All of these questions are just some of the questions the average
training individual asks. The following material answers the ultimate
question, how can I build a fantastic body?
Go back and
read our free online course on the basics of strength and then come
back and read this. Now that you have done that, we can begin. It
takes 3 to 5 years to build a base for a well built body. Sometimes
it takes longer. In these years you concentrate on the basic exercises
with free weights. You practice the principles of cycling your yearly
training as I am about to discuss with you.

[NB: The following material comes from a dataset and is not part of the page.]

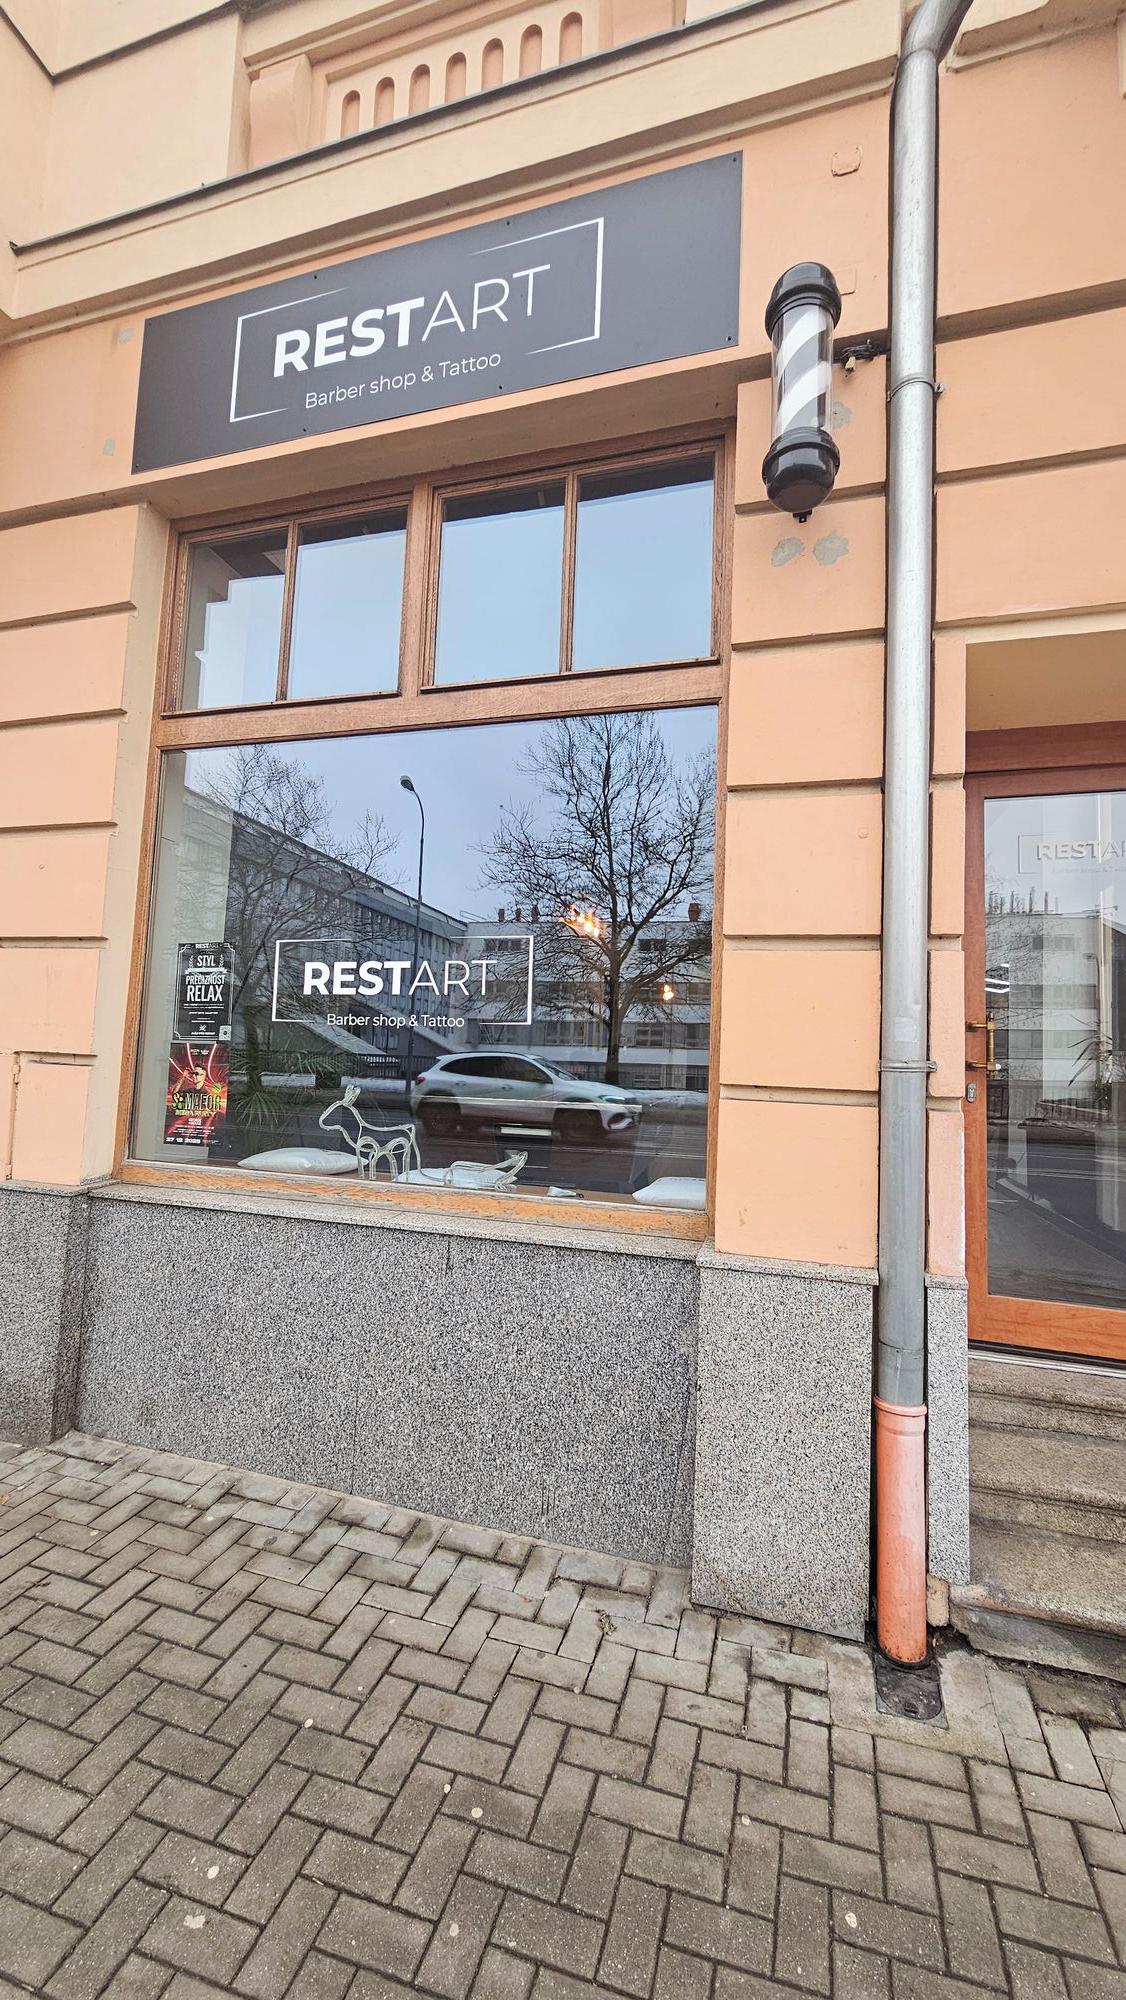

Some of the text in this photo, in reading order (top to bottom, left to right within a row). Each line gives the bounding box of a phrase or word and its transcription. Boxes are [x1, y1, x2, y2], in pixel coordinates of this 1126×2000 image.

I go in depth on this but in a nutshell you train 3 to 4 months
focusing on conditioning and basic strength. Then you go 3 months
using all strength training. Next you go to a full bodybuilding
routine pre-contest mode for 3 to 4 months to really shape up. Then,
you repeat the cycle, year after year. Each year you attempt to
hit a peak of strength (during the power phase) and a peak of looking
great during the pre-contest phase and a peak of cardio fitness
during the conditioning phase. Years ago during a conditioning phase
I did 33 chins in a set. On the second set I did 26 reps. My conditioning
was superb at that time.
Another valuable cycle
is the LONG CYCLE. This type of cycle is described in great
detail in the book, "BRAWN" by Stuart McRobert.
This cycle is purely
for gaining strength and size over a long period of time. Basically
you stay on a building cycle (a strength cycle) for months or years
till you max out (can go no further, go stale) or till you get hurt.

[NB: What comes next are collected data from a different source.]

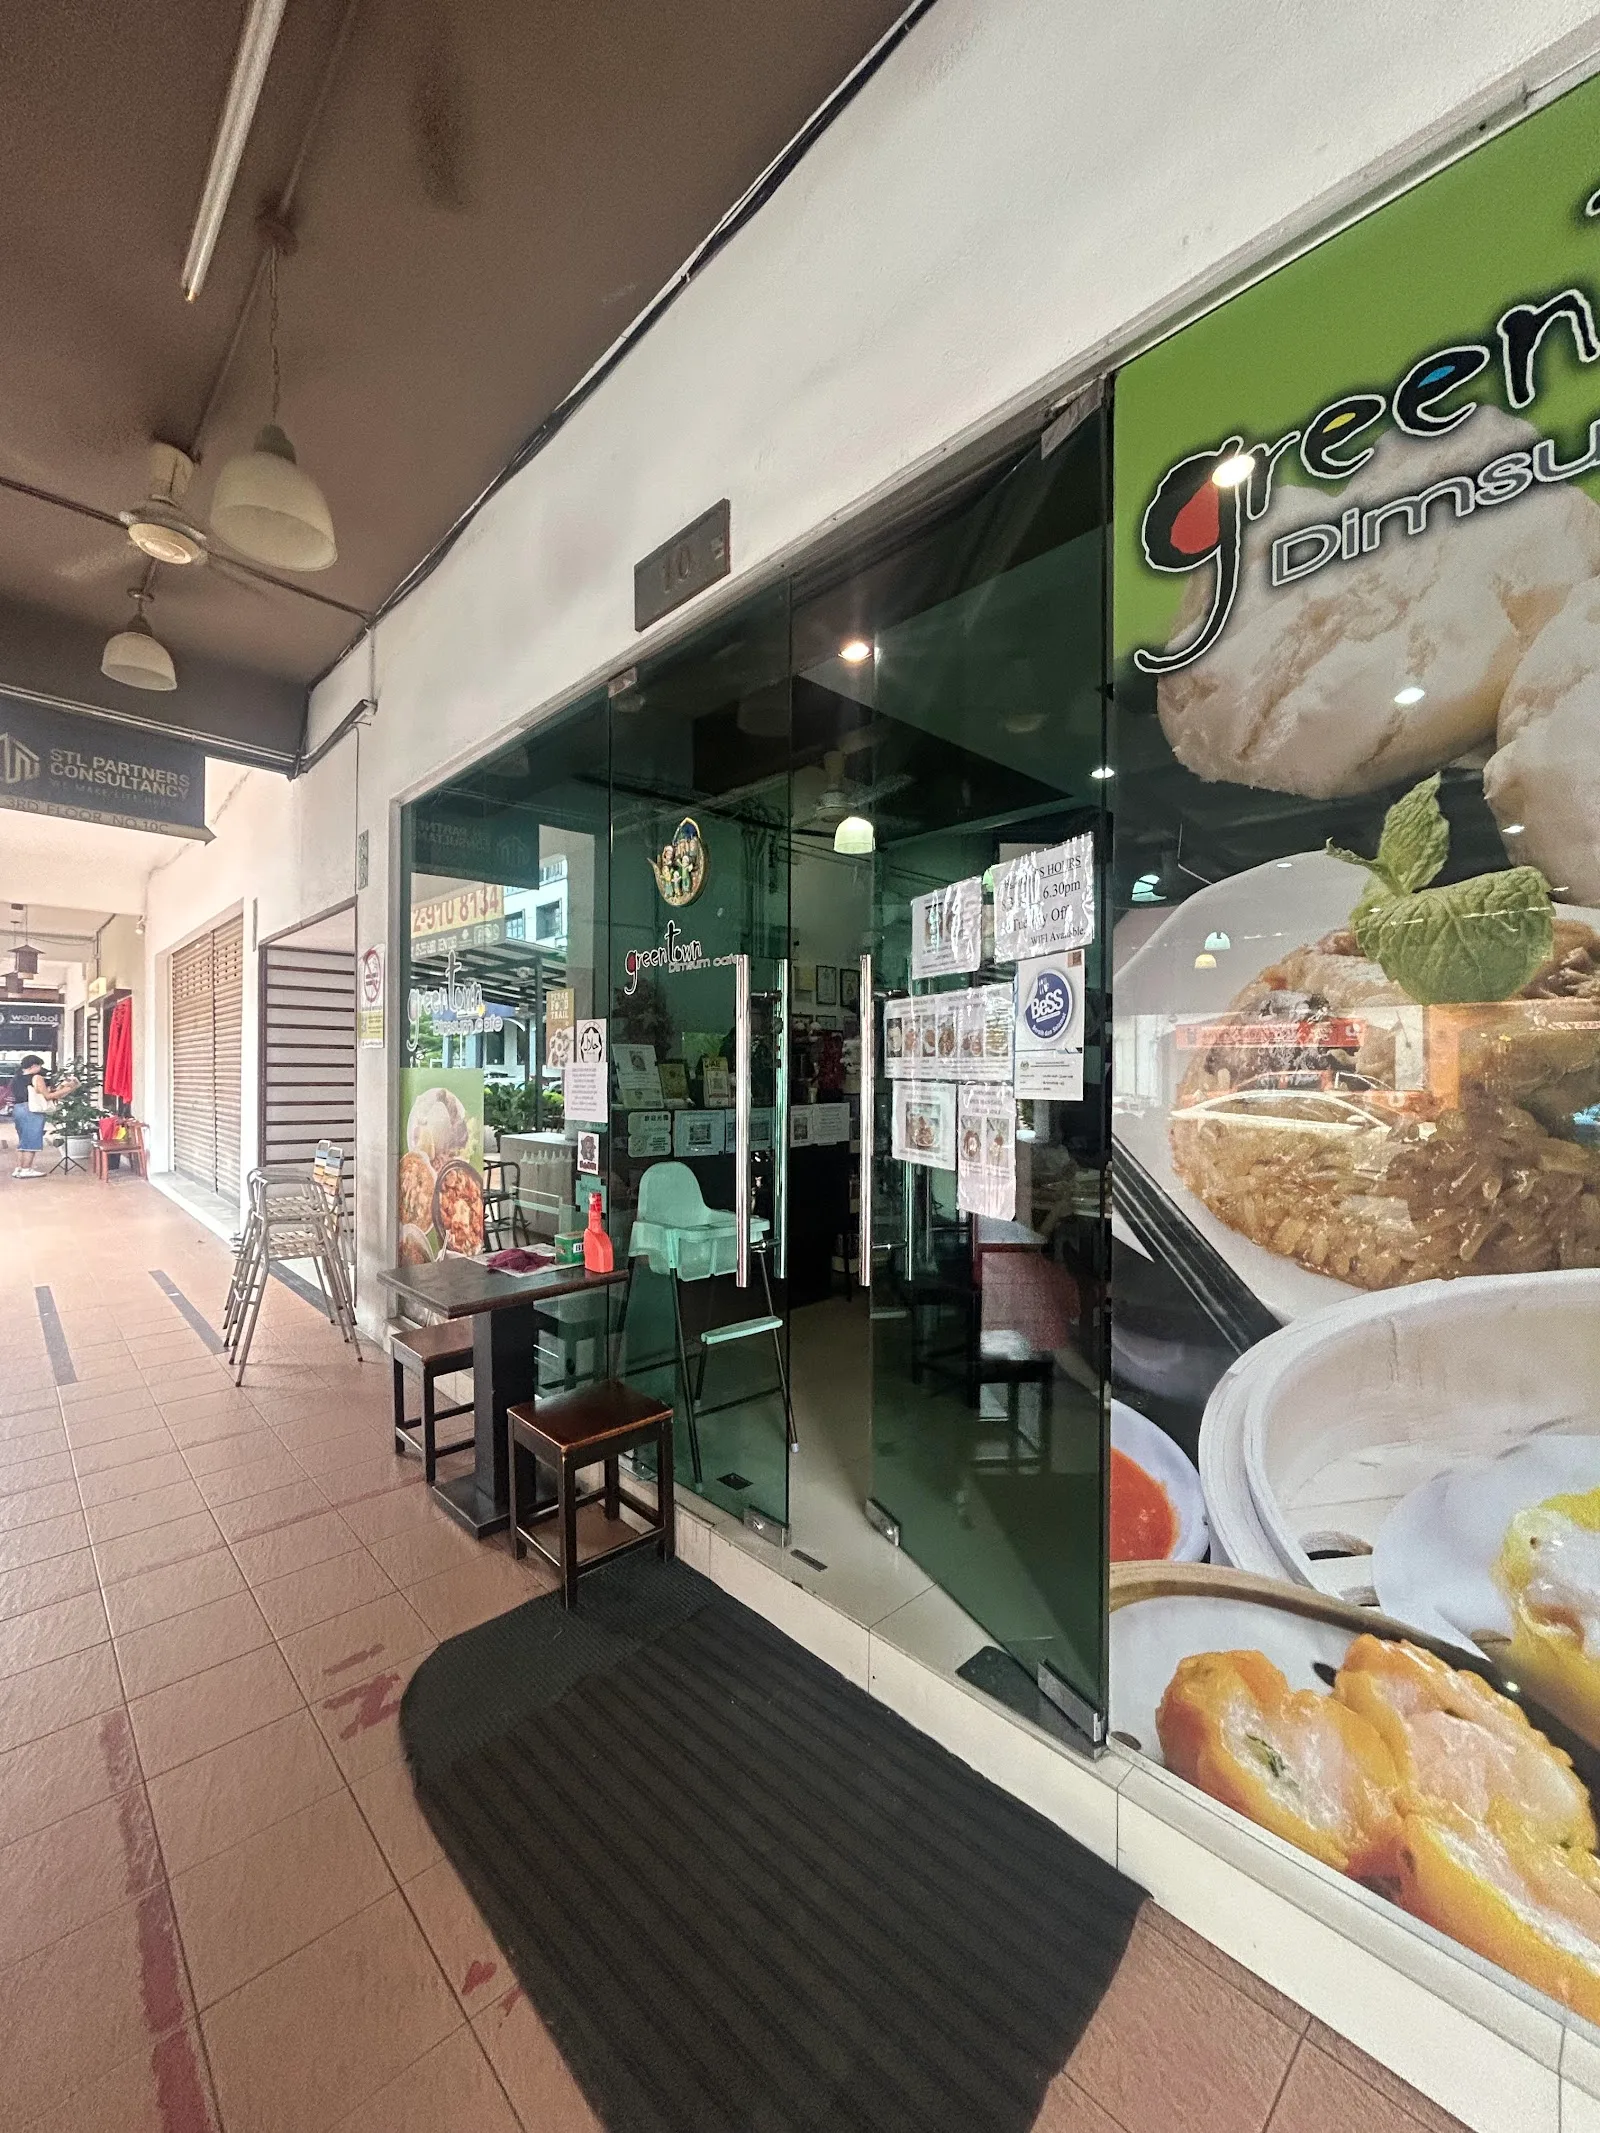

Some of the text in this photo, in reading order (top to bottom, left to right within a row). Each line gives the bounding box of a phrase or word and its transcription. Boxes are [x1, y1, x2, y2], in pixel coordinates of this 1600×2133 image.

[1133, 190, 1600, 675] green
[1271, 419, 1600, 588] Dimsu
[50, 749, 191, 787] STL PARTNERS
[50, 762, 190, 800] CONSULTANCY
[8, 798, 40, 813] 3RD
[46, 805, 102, 823] FLOOR
[1042, 880, 1081, 900] 6.30pm
[550, 1010, 569, 1020] TRAIL
[1030, 988, 1065, 1020] BeSS

You make very small weight additions to the weight bar in basic
exercises, training once or twice a week at most on exercise like
squats and deadlifts and other "big" movements.
After you break into
this schedule you will find yourself training at your maximum
(weight) limit for quite a period of time. And even though you
are always adding weight to the bar it is done in small (8 ounces
or 1 pound at most) increments and the change in weight is often
imperceptible. After several months of adding 1 pound to the bar
a week, let's say you started at a 200 lb bench for 6 reps, you
would end up in 6 months at a 230 some bench for 6 reps or more.
In a year a 300 bench. You can really build up training like this,
but you have to really recover fully between workouts, or
you won't grow. A week of rest is often taken between workouts.
If you are squatting hundreds of pounds for reps you will need the
rest time to recover and then grow. Many people return to the gym
before GROWTH HAPPENS. This type of training is fun and productive
and is very hard work. This is because you are training with your
max weights ( plus: adding 8 oz to a pound each week) at every
workout for months or asl long as the cycle lasts. Once you
top out you start again. Usually I get hurt, have to rest for a
time and then build up again at a later date. Your body takes a
real beating training with heavy weights and nothing else. This
is one of the reasons I suggest not training heavy all the time.
Heavy training is productive but can be rough on the joints over
You have to be very motivated
on this program as you are literally training at your max weight
limit every time you touch the bar.
CREATING A SCHEDULE
You will need to create
a schedule based on the weather in your area and the best times
for you to perform certain exercises. I have always been stronger
in the winter and have set up my training to match this natural
rhythm of my body. However, it took 10 years of training to figure
out this fact ! For a beginner, just do your best to get one yearly
cycle under your belt and start from there.